**YOUR OBJECTIVE**
What you print should match the entries exactly, only without the pictures.

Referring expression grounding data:
= = = = =
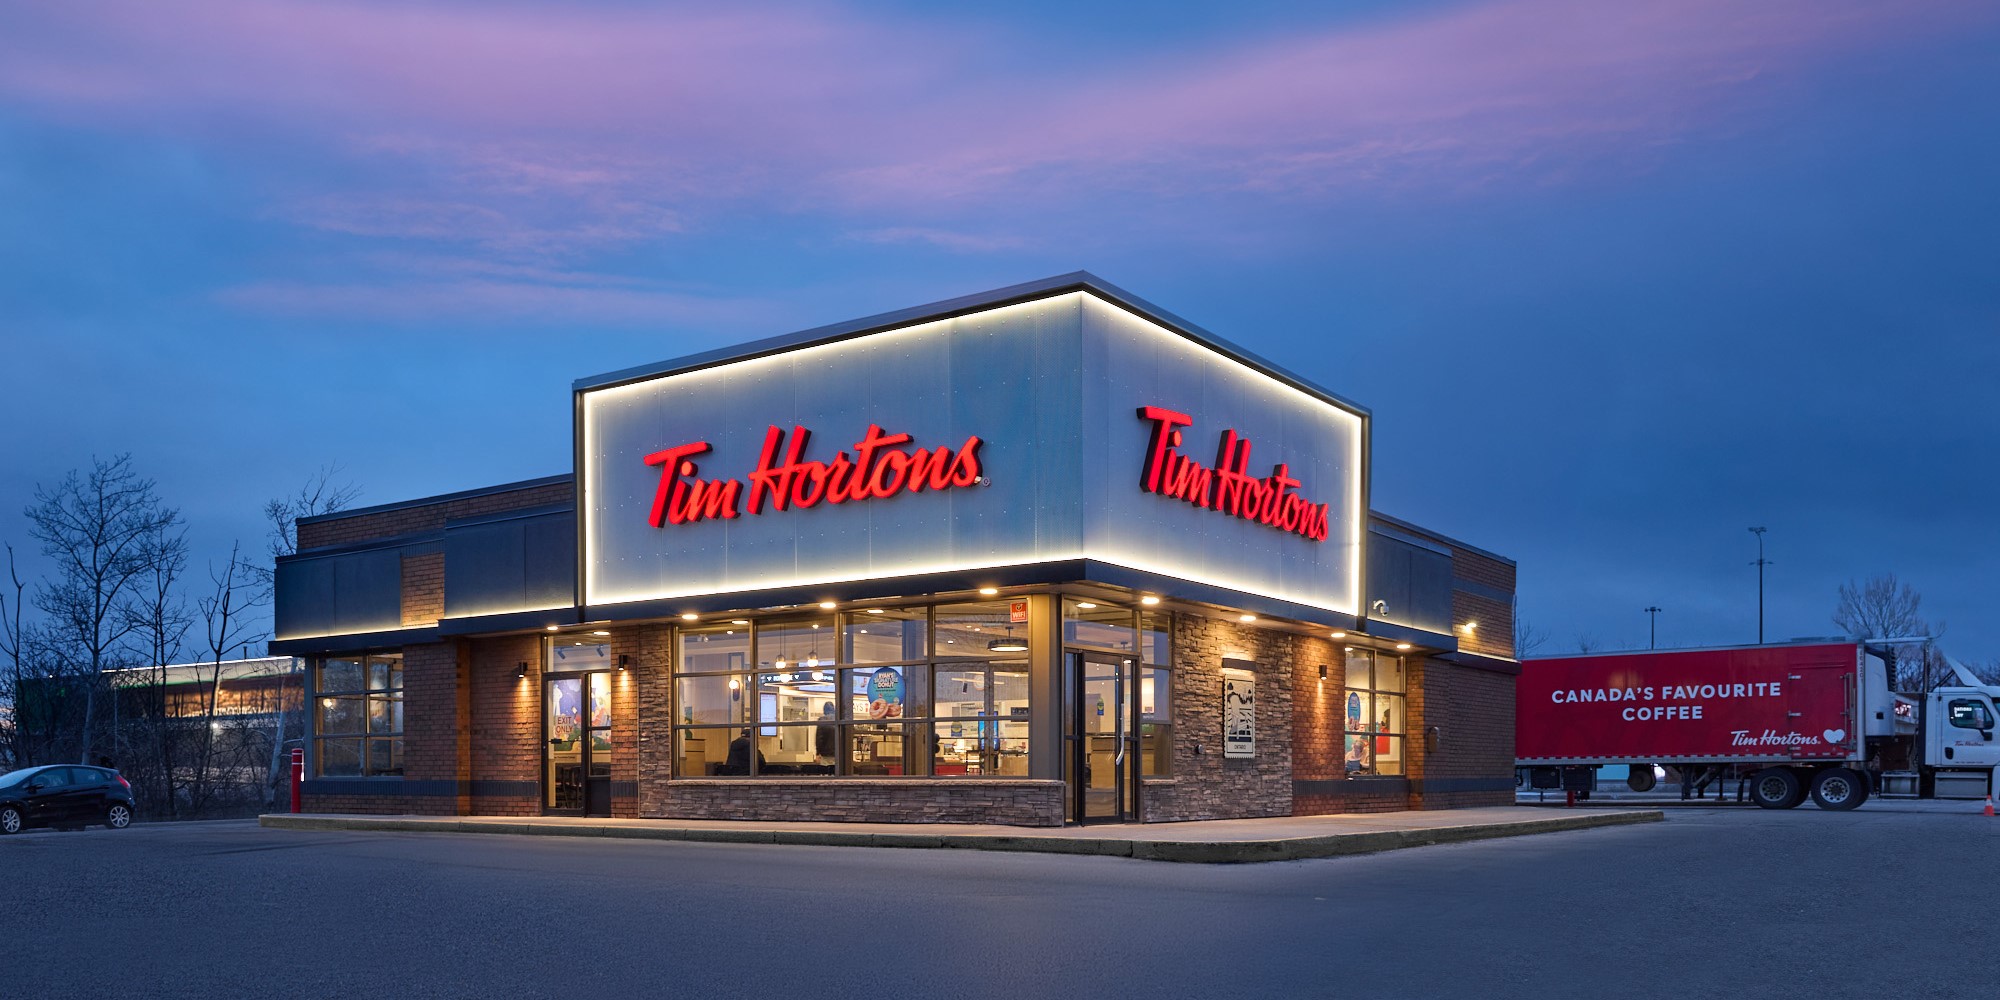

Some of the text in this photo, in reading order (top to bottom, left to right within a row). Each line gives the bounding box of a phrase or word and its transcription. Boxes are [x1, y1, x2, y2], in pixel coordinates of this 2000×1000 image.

[643, 424, 984, 528] Tim Hortons
[1137, 405, 1330, 543] Tim Hortons
[1551, 682, 1781, 704] CANADA'S FAVOURITE
[557, 716, 572, 724] EXIT
[1622, 705, 1703, 721] COFFEE
[1731, 729, 1818, 746] Tim Hortons
= = = = =
**REPLY**
Some of the text in this photo, in reading order (top to bottom, left to right within a row). Each line gives the bounding box of a phrase or word and its transcription. Boxes are [x1, y1, x2, y2], in pixel coordinates of this 2000×1000 image.

[643, 424, 984, 528] Tim Hortons
[1137, 405, 1330, 543] Tim Hortons
[1551, 682, 1781, 704] CANADA'S FAVOURITE
[557, 716, 572, 724] EXIT
[1622, 705, 1703, 721] COFFEE
[1731, 729, 1818, 746] Tim Hortons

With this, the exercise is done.